It’s confusing. Right now I don’t really want to write anything about Dylan, because, frankly, it hurts too much, but at the same time, I don’t want to not write anything about Dylan, because he’s worth writing and thinking about. And it’s all I can think about right now, anyway. And maybe it’s better to write a little of this out. A little, but I feel like I could write a book.
One of the things about Dylan, it seems to me, is that he loved life, culture, art and people more than anybody else I’ve ever known. That’s one of the things that bums me out the most, that somebody who seemed to appreciate so much being in the world, ended up pulling a pretty short straw.

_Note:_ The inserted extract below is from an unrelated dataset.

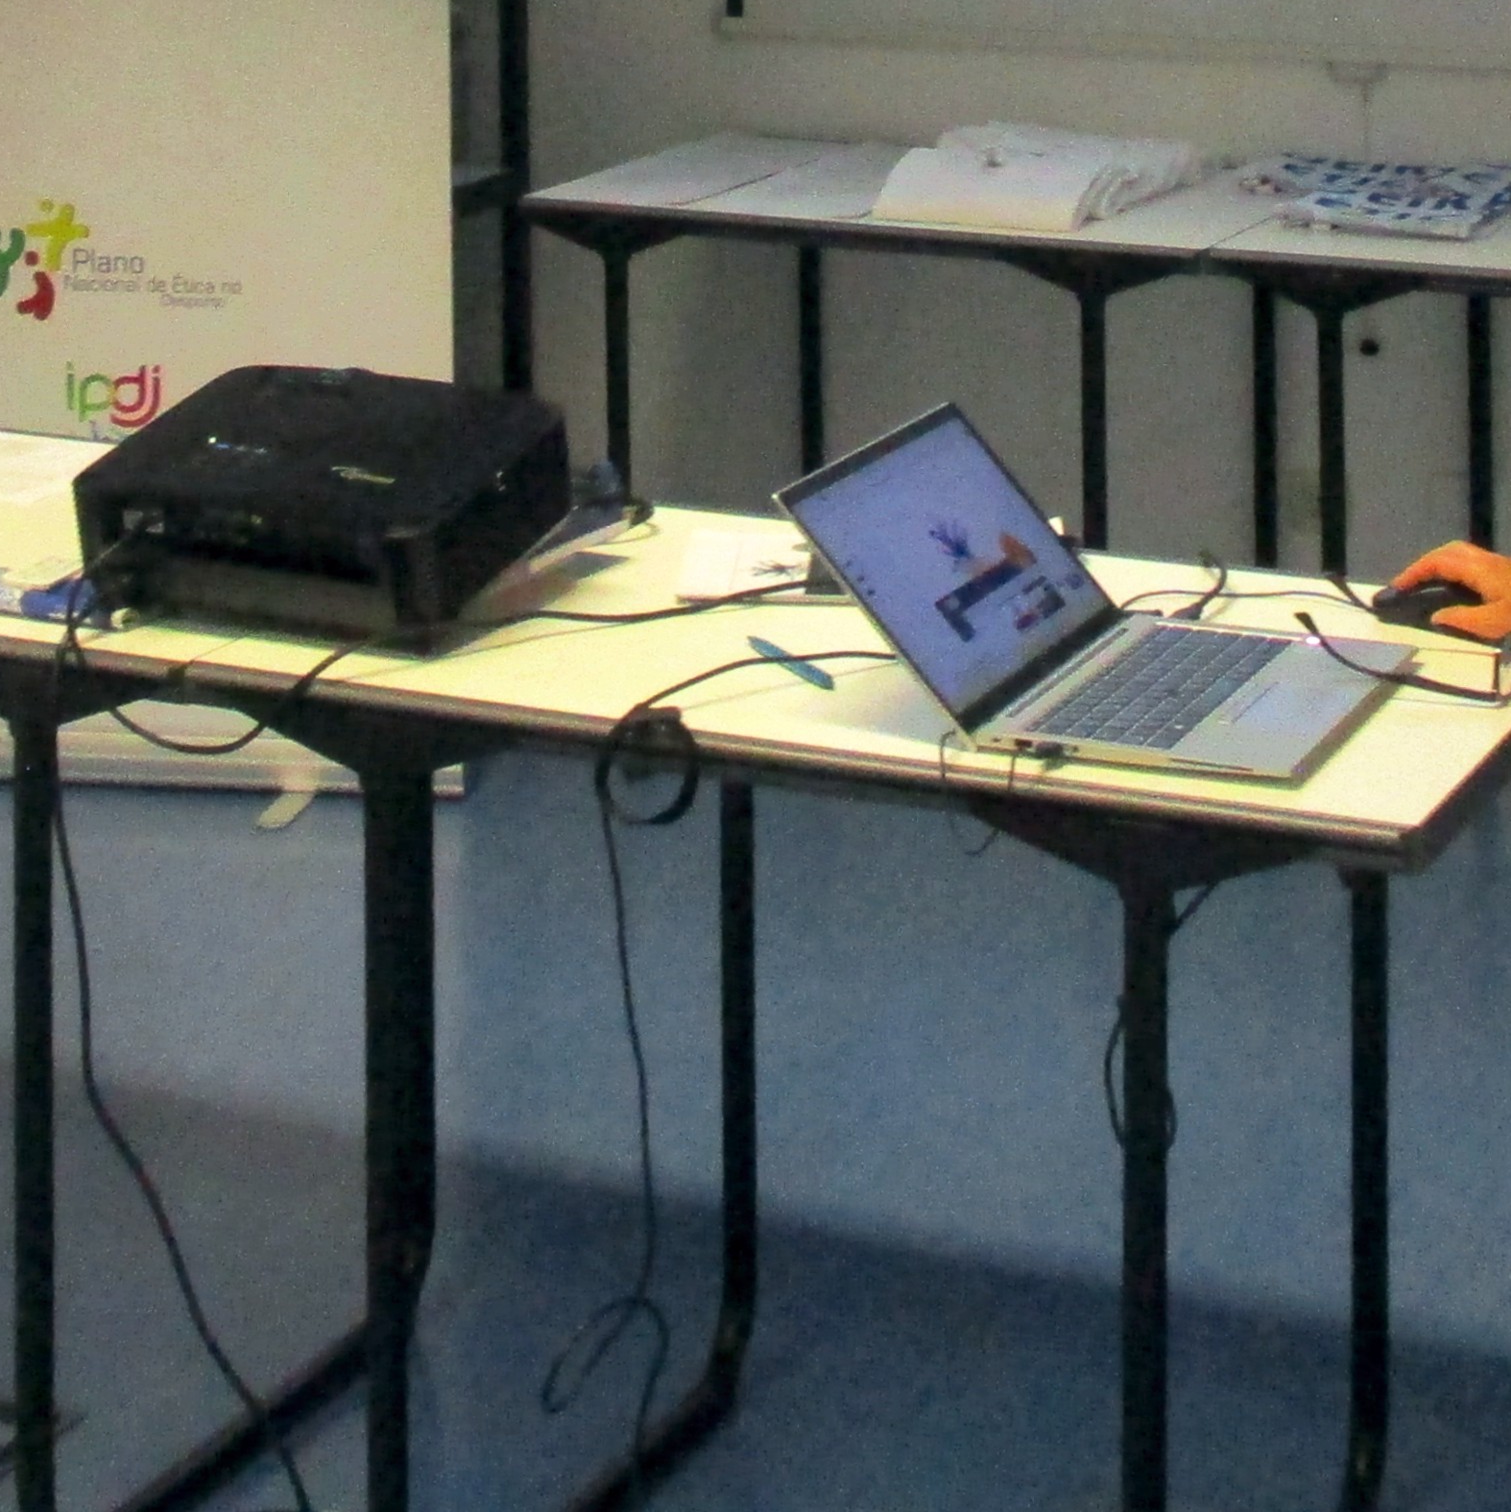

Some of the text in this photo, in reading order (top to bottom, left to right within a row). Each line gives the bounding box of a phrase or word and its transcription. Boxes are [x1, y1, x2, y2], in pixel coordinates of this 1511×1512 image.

Maybe it’s a little funny, but I can’t even remember exactly when or how I met Dylan. Probably in 1993? Maybe he wrote me a letter, or maybe I met him in Comic Relief? My first distinct memory is meeting him in Berkeley and going to a Puppy Toss meeting. I’d had a comic book or two published by then, but comics for me was also a very isolated, weird thing I was trying to do. This was pretty much my first exposure to a whole group of creative people trying to work together and encourage each other to accomplish art - collectively - and it kind of blew my mind. I didn’t really understand the community aspect, but even way back then, I think that was something important to Dylan - not just his own work, but the other people around him. Not just in Berkeley and San Francisco, but the weird people all around the world doing this stuff that Puppy Toss tried to help distribute through their own massive catalog and mail order operations. This wasn’t about making money, but about supporting what you loved and believed in, and thereby changing the world in little, but important ways. And it seems to me that Dylan loved comics, and the comics community, more that anybody I’ve ever met.
I really got to know Dylan over the next couple of years, when we were both working at Comic Relief on Haight Street in San Francisco. In a way, this was the most vibrant period of my life, when the world seemed to really expand before me and I dived in. A lot of what I learned during that period, I learned because of my friendship with Dylan. He was a bit of a culture pusher and I was starving. For instance with comics. Up till then my idea of comics was pretty much Hate, Eightball, Love and Rockets and Weirdo Robert Crumb, but Dylan’s enthusiasm and vast knowledge of the classics was infectious and opened up my mind to a diverse selection of cartoonists like John Stanley, Bernie Kreigstein and HergĂ©. He took me out to Bill Blackbeard’s newspaper strip museum and we looked through giant, beautiful, turn of the century newspaper comics. In fact, we were talking about just this when I was briefly visiting with him in Portland this July - how back in the 90s and earlier you really needed to talk to people, put in some effort and have some good guides to learn what you wanted to know and how that has changed so much this last decade, thanks or curses to the Internet - how you can now find out about pretty much anything and with much more depth with just a few clicks of a mouse. I think he was worried about the distance this was creating between people - I know it worries me (at the same time as I embrace it).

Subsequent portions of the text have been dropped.